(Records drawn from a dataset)
=== Section Start ===
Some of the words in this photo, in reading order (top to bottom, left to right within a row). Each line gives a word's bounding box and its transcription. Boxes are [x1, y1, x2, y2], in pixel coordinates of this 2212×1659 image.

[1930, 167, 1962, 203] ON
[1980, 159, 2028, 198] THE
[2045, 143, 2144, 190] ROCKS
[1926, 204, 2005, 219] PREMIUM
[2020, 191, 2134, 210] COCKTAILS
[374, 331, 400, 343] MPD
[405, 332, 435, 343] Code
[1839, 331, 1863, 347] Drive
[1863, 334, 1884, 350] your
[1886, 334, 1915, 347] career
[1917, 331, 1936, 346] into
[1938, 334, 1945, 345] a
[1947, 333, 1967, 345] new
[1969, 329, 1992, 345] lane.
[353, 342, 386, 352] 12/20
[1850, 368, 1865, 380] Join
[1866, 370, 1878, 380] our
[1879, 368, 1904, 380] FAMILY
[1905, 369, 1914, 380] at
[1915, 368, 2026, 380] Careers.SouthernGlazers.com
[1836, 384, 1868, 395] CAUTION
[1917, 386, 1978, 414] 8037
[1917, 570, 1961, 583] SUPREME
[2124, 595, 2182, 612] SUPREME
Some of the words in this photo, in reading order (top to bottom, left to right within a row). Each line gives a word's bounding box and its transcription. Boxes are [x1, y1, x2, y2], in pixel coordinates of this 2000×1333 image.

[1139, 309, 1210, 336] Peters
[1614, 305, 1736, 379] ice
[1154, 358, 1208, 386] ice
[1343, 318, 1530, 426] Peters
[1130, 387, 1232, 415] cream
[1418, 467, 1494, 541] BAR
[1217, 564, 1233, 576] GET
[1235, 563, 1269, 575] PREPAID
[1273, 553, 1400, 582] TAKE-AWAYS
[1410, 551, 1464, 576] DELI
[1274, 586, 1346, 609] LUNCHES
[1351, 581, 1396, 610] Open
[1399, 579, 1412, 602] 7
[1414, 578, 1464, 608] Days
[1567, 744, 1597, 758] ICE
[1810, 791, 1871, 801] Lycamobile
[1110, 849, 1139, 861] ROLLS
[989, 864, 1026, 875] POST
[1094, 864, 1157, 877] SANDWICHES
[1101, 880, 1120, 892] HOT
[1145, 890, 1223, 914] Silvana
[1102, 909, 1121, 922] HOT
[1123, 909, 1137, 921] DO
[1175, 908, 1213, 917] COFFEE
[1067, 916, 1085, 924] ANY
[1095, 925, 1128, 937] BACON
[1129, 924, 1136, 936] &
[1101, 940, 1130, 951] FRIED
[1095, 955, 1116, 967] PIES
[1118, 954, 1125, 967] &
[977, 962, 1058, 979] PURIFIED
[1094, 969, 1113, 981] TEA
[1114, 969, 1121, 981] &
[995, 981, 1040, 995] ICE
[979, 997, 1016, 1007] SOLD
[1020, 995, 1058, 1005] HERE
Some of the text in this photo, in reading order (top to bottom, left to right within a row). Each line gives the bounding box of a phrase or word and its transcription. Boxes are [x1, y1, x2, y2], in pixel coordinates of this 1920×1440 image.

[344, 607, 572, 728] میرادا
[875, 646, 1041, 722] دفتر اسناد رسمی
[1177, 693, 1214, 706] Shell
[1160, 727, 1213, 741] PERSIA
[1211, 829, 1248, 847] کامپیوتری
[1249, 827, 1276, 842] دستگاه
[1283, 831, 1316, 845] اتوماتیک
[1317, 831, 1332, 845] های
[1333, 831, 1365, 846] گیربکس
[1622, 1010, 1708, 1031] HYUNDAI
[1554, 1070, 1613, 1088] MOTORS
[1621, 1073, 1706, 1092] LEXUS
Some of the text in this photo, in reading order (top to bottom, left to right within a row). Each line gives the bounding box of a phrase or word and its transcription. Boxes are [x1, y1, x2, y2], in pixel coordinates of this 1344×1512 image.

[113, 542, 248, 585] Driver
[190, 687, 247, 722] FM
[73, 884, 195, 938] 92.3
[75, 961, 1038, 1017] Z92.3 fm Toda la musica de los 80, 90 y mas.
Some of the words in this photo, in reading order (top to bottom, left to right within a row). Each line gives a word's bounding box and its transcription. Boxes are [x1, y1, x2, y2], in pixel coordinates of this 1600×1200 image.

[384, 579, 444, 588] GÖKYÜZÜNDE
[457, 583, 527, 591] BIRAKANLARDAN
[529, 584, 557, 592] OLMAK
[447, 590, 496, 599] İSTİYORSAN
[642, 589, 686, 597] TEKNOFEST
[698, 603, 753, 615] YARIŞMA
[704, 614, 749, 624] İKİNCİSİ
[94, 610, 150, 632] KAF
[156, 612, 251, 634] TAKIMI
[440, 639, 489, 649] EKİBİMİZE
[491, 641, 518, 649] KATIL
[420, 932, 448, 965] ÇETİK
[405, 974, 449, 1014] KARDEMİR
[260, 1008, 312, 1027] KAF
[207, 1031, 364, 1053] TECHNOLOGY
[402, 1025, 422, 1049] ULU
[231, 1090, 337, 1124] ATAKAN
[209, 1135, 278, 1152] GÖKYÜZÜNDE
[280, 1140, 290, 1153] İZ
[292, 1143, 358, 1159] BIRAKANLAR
=== Section End ===
### Action item
When you repeat the data, keep each line exactly as given.

### Completed exercise
Some of the words in this photo, in reading order (top to bottom, left to right within a row). Each line gives a word's bounding box and its transcription. Boxes are [x1, y1, x2, y2], in pixel coordinates of this 2212×1659 image.

[1930, 167, 1962, 203] ON
[1980, 159, 2028, 198] THE
[2045, 143, 2144, 190] ROCKS
[1926, 204, 2005, 219] PREMIUM
[2020, 191, 2134, 210] COCKTAILS
[374, 331, 400, 343] MPD
[405, 332, 435, 343] Code
[1839, 331, 1863, 347] Drive
[1863, 334, 1884, 350] your
[1886, 334, 1915, 347] career
[1917, 331, 1936, 346] into
[1938, 334, 1945, 345] a
[1947, 333, 1967, 345] new
[1969, 329, 1992, 345] lane.
[353, 342, 386, 352] 12/20
[1850, 368, 1865, 380] Join
[1866, 370, 1878, 380] our
[1879, 368, 1904, 380] FAMILY
[1905, 369, 1914, 380] at
[1915, 368, 2026, 380] Careers.SouthernGlazers.com
[1836, 384, 1868, 395] CAUTION
[1917, 386, 1978, 414] 8037
[1917, 570, 1961, 583] SUPREME
[2124, 595, 2182, 612] SUPREME
Some of the words in this photo, in reading order (top to bottom, left to right within a row). Each line gives a word's bounding box and its transcription. Boxes are [x1, y1, x2, y2], in pixel coordinates of this 2000×1333 image.

[1139, 309, 1210, 336] Peters
[1614, 305, 1736, 379] ice
[1154, 358, 1208, 386] ice
[1343, 318, 1530, 426] Peters
[1130, 387, 1232, 415] cream
[1418, 467, 1494, 541] BAR
[1217, 564, 1233, 576] GET
[1235, 563, 1269, 575] PREPAID
[1273, 553, 1400, 582] TAKE-AWAYS
[1410, 551, 1464, 576] DELI
[1274, 586, 1346, 609] LUNCHES
[1351, 581, 1396, 610] Open
[1399, 579, 1412, 602] 7
[1414, 578, 1464, 608] Days
[1567, 744, 1597, 758] ICE
[1810, 791, 1871, 801] Lycamobile
[1110, 849, 1139, 861] ROLLS
[989, 864, 1026, 875] POST
[1094, 864, 1157, 877] SANDWICHES
[1101, 880, 1120, 892] HOT
[1145, 890, 1223, 914] Silvana
[1102, 909, 1121, 922] HOT
[1123, 909, 1137, 921] DO
[1175, 908, 1213, 917] COFFEE
[1067, 916, 1085, 924] ANY
[1095, 925, 1128, 937] BACON
[1129, 924, 1136, 936] &
[1101, 940, 1130, 951] FRIED
[1095, 955, 1116, 967] PIES
[1118, 954, 1125, 967] &
[977, 962, 1058, 979] PURIFIED
[1094, 969, 1113, 981] TEA
[1114, 969, 1121, 981] &
[995, 981, 1040, 995] ICE
[979, 997, 1016, 1007] SOLD
[1020, 995, 1058, 1005] HERE
Some of the text in this photo, in reading order (top to bottom, left to right within a row). Each line gives the bounding box of a phrase or word and its transcription. Boxes are [x1, y1, x2, y2], in pixel coordinates of this 1920×1440 image.

[344, 607, 572, 728] میرادا
[875, 646, 1041, 722] دفتر اسناد رسمی
[1177, 693, 1214, 706] Shell
[1160, 727, 1213, 741] PERSIA
[1211, 829, 1248, 847] کامپیوتری
[1249, 827, 1276, 842] دستگاه
[1283, 831, 1316, 845] اتوماتیک
[1317, 831, 1332, 845] های
[1333, 831, 1365, 846] گیربکس
[1622, 1010, 1708, 1031] HYUNDAI
[1554, 1070, 1613, 1088] MOTORS
[1621, 1073, 1706, 1092] LEXUS
Some of the text in this photo, in reading order (top to bottom, left to right within a row). Each line gives the bounding box of a phrase or word and its transcription. Boxes are [x1, y1, x2, y2], in pixel coordinates of this 1344×1512 image.

[113, 542, 248, 585] Driver
[190, 687, 247, 722] FM
[73, 884, 195, 938] 92.3
[75, 961, 1038, 1017] Z92.3 fm Toda la musica de los 80, 90 y mas.
Some of the words in this photo, in reading order (top to bottom, left to right within a row). Each line gives a word's bounding box and its transcription. Boxes are [x1, y1, x2, y2], in pixel coordinates of this 1600×1200 image.

[384, 579, 444, 588] GÖKYÜZÜNDE
[457, 583, 527, 591] BIRAKANLARDAN
[529, 584, 557, 592] OLMAK
[447, 590, 496, 599] İSTİYORSAN
[642, 589, 686, 597] TEKNOFEST
[698, 603, 753, 615] YARIŞMA
[704, 614, 749, 624] İKİNCİSİ
[94, 610, 150, 632] KAF
[156, 612, 251, 634] TAKIMI
[440, 639, 489, 649] EKİBİMİZE
[491, 641, 518, 649] KATIL
[420, 932, 448, 965] ÇETİK
[405, 974, 449, 1014] KARDEMİR
[260, 1008, 312, 1027] KAF
[207, 1031, 364, 1053] TECHNOLOGY
[402, 1025, 422, 1049] ULU
[231, 1090, 337, 1124] ATAKAN
[209, 1135, 278, 1152] GÖKYÜZÜNDE
[280, 1140, 290, 1153] İZ
[292, 1143, 358, 1159] BIRAKANLAR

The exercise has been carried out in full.